Czech ice hockey player (born 1995)

David Kämpf (born 12 January 1995) is a Czech professional ice hockey player who is a forward for HC Litvínov of the Czech Extraliga (ELH). He has previously played in the National Hockey League (NHL) for the Chicago Blackhawks, Toronto Maple Leafs, Vancouver Canucks, and Washington Capitals. Internationally, Kämpf has represented the Czech Republic, contributing to a gold medal win at the 2024 World Championship.

==Playing career==
Although never drafted, Kämpf began his youth hockey career with Piráti Chomutov in 2009 at the under-16 level. He made his professional debut in the Czech Extraliga with Chomutov during the 2012–13 season. In his fifth year with the club, during the 2016–17 campaign, he had a breakout season, recording a personal best of 15 goals and 31 points across 52 games.

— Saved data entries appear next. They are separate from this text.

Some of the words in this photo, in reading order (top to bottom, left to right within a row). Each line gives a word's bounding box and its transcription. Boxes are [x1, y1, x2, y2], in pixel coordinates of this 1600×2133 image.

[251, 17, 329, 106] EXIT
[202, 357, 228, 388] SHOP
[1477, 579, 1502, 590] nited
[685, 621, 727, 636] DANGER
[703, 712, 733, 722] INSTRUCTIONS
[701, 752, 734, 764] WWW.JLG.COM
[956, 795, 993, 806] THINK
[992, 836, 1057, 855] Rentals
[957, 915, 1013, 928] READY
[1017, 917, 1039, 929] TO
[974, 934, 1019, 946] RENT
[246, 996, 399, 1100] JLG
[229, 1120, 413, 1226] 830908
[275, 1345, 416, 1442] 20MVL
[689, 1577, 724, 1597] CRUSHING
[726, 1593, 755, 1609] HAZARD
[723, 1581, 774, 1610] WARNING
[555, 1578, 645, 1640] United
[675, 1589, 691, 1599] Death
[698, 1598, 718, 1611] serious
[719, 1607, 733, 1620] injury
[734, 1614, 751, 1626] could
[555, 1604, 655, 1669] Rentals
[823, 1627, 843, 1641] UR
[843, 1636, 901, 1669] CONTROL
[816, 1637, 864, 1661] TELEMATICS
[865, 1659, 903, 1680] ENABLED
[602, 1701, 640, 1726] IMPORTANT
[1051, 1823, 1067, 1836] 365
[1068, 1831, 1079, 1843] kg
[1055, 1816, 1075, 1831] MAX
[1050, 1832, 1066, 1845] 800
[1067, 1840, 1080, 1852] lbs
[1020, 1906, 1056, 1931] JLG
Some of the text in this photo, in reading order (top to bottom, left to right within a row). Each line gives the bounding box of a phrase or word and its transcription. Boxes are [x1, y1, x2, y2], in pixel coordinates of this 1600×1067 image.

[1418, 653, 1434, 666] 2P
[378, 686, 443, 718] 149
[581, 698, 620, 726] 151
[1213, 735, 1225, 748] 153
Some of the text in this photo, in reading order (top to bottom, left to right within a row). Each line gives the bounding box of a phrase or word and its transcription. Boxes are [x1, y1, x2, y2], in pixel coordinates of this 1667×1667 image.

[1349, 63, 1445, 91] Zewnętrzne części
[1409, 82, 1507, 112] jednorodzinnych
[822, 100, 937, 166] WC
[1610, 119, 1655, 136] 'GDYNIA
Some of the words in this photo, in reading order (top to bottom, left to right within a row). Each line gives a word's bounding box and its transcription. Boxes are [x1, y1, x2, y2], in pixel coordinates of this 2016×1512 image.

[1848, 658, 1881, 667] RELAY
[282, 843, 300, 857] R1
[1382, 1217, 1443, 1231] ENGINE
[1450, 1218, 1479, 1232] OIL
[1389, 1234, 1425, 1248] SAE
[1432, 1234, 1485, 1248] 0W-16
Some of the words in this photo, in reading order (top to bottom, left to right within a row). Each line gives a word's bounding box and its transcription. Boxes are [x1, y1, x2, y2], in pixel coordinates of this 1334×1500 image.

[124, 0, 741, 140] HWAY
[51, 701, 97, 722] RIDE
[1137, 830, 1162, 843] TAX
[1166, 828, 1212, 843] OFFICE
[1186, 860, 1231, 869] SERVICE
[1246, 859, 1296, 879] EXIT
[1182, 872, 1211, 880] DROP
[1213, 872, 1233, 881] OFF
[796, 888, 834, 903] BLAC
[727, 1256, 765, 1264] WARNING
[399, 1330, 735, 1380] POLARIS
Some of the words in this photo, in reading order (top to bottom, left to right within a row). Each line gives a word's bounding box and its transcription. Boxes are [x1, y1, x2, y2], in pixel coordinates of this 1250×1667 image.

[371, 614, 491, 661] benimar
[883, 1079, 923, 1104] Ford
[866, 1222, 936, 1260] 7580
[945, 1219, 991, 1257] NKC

On 19 April 2017, Kämpf chose to exercise his option to remain with Chomutov for another year, despite interest from NHL teams. However, just weeks later, on 1 May, he activated an out-clause in his contract and signed a two-year entry-level deal with the Chicago Blackhawks.

In the , Kämpf made his NHL debut on 28 December 2017, and netted his first NHL goal on 12 January 2018, contributing to a 2–1 victory over the Winnipeg Jets.

After spending four seasons with the Blackhawks, Kämpf entered free agency and signed a two-year, $3 million deal with the Toronto Maple Leafs on 28 July 2021.

After two successful seasons with the Maple Leafs, Kämpf chose to stay in Toronto by signing a four-year contract extension worth $9.6 million on 28 June 2023, ahead of becoming a free agent.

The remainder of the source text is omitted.